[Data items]
____________

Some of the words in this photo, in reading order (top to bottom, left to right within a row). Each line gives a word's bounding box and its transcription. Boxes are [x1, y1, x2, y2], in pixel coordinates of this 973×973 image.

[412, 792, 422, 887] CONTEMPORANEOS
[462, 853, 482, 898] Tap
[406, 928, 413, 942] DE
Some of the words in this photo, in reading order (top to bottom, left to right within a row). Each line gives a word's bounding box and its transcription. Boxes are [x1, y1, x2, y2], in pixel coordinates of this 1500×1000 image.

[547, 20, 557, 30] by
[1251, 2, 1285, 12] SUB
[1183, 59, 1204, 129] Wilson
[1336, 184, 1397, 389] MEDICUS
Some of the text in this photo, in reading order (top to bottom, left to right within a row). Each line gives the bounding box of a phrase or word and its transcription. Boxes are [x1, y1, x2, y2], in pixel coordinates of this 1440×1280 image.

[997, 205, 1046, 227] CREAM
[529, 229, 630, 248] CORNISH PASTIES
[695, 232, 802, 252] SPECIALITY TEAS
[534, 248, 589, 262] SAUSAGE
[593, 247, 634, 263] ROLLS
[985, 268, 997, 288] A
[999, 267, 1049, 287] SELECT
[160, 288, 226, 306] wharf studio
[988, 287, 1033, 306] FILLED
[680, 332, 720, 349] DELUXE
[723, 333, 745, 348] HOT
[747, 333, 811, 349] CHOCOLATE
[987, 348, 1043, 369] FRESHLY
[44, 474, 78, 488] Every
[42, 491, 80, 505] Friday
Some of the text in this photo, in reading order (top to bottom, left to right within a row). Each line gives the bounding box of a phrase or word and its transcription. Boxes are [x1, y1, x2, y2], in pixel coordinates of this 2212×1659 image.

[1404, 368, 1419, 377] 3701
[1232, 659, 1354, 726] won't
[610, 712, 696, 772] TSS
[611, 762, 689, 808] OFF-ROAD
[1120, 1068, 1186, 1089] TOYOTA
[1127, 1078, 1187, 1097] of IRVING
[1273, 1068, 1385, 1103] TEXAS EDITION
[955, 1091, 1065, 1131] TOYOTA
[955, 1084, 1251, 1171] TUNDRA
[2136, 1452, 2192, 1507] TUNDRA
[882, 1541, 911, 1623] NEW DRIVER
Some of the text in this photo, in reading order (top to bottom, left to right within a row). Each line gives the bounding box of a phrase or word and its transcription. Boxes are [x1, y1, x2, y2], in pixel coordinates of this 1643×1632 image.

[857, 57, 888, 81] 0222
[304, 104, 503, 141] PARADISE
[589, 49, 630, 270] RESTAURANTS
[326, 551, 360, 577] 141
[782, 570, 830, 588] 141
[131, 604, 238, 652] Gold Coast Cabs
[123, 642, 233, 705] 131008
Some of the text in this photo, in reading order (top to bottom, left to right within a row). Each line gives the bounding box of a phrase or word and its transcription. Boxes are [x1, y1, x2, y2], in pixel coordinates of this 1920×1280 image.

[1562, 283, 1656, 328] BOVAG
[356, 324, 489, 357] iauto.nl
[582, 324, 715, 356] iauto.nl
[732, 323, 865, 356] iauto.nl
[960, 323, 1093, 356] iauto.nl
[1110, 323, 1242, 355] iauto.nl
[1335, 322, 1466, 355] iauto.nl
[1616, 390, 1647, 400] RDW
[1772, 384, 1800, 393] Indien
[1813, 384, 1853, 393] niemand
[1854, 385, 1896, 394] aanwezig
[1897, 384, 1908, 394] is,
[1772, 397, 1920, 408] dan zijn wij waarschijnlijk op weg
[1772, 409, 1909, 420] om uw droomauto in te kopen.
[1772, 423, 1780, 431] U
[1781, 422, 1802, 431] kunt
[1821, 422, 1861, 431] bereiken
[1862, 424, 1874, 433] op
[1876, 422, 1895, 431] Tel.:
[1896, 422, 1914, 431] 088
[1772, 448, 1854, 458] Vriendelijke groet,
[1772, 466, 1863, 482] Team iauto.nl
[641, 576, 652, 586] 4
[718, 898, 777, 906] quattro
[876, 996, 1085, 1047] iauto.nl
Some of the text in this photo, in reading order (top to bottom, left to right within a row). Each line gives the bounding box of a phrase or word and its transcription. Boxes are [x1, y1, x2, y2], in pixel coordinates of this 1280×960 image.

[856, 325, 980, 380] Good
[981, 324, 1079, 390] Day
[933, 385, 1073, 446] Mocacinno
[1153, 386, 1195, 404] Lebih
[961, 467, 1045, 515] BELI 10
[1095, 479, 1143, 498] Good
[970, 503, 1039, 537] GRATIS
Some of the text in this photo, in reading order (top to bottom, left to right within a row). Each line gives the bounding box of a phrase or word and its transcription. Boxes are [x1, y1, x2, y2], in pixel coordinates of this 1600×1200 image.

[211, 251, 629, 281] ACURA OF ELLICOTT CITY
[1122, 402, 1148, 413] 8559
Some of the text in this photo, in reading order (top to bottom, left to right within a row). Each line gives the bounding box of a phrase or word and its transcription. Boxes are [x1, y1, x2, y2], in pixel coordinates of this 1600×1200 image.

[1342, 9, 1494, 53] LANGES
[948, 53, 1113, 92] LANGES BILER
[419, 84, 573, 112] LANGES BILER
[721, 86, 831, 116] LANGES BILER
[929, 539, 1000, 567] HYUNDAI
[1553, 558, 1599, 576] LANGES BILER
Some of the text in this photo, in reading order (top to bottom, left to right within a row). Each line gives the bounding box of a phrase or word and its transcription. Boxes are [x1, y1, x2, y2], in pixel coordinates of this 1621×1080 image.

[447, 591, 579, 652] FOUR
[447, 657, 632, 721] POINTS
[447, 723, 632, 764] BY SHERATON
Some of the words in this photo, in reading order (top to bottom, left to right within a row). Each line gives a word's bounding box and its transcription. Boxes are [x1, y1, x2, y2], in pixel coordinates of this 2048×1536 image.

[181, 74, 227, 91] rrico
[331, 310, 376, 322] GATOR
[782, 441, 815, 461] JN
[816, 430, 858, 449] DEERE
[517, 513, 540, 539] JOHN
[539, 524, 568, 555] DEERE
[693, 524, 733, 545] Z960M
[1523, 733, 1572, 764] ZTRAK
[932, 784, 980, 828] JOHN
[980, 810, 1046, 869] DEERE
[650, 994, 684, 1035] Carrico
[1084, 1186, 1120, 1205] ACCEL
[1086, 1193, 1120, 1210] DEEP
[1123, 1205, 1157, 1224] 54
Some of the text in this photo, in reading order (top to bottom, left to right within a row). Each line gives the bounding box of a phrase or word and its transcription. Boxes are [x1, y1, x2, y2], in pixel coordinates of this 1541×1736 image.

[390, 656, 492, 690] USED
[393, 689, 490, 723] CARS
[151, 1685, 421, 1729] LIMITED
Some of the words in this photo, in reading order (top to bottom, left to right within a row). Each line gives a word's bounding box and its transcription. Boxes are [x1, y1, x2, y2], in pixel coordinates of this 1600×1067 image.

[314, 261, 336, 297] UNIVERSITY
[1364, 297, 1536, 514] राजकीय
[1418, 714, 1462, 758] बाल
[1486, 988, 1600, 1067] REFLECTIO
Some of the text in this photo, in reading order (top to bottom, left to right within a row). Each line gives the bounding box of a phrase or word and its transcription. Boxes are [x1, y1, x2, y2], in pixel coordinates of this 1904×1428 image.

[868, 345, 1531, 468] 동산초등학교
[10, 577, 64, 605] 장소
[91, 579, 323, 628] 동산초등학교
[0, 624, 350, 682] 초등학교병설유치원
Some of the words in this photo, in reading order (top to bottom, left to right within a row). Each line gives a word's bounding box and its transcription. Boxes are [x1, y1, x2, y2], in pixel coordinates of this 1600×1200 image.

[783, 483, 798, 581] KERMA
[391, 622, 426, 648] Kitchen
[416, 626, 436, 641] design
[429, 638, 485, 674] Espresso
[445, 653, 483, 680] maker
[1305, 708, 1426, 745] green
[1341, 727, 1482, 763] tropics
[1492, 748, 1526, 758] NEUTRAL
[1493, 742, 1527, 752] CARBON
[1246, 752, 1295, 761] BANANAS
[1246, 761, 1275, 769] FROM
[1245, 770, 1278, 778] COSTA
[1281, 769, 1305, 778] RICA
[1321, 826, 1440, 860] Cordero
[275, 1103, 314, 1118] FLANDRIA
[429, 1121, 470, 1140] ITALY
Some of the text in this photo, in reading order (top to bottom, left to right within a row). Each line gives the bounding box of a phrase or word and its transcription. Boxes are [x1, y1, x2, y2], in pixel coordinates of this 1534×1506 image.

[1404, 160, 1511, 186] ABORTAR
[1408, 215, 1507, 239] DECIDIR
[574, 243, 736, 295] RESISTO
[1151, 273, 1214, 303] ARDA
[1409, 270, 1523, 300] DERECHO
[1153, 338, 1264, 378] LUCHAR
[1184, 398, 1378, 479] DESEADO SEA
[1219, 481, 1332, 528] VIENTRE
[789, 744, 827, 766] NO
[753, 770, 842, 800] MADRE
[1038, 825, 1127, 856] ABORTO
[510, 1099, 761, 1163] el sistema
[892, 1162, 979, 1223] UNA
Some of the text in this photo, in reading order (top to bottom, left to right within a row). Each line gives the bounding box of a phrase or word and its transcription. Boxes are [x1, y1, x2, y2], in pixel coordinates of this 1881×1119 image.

____________

Exercise:
Begin at the line containing "this 1534×1506 image." and reproduce every line through the last one in the records above, exactly.

Written answer:
Some of the text in this photo, in reading order (top to bottom, left to right within a row). Each line gives the bounding box of a phrase or word and its transcription. Boxes are [x1, y1, x2, y2], in pixel coordinates of this 1534×1506 image.

[1404, 160, 1511, 186] ABORTAR
[1408, 215, 1507, 239] DECIDIR
[574, 243, 736, 295] RESISTO
[1151, 273, 1214, 303] ARDA
[1409, 270, 1523, 300] DERECHO
[1153, 338, 1264, 378] LUCHAR
[1184, 398, 1378, 479] DESEADO SEA
[1219, 481, 1332, 528] VIENTRE
[789, 744, 827, 766] NO
[753, 770, 842, 800] MADRE
[1038, 825, 1127, 856] ABORTO
[510, 1099, 761, 1163] el sistema
[892, 1162, 979, 1223] UNA
Some of the text in this photo, in reading order (top to bottom, left to right within a row). Each line gives the bounding box of a phrase or word and its transcription. Boxes are [x1, y1, x2, y2], in pixel coordinates of this 1881×1119 image.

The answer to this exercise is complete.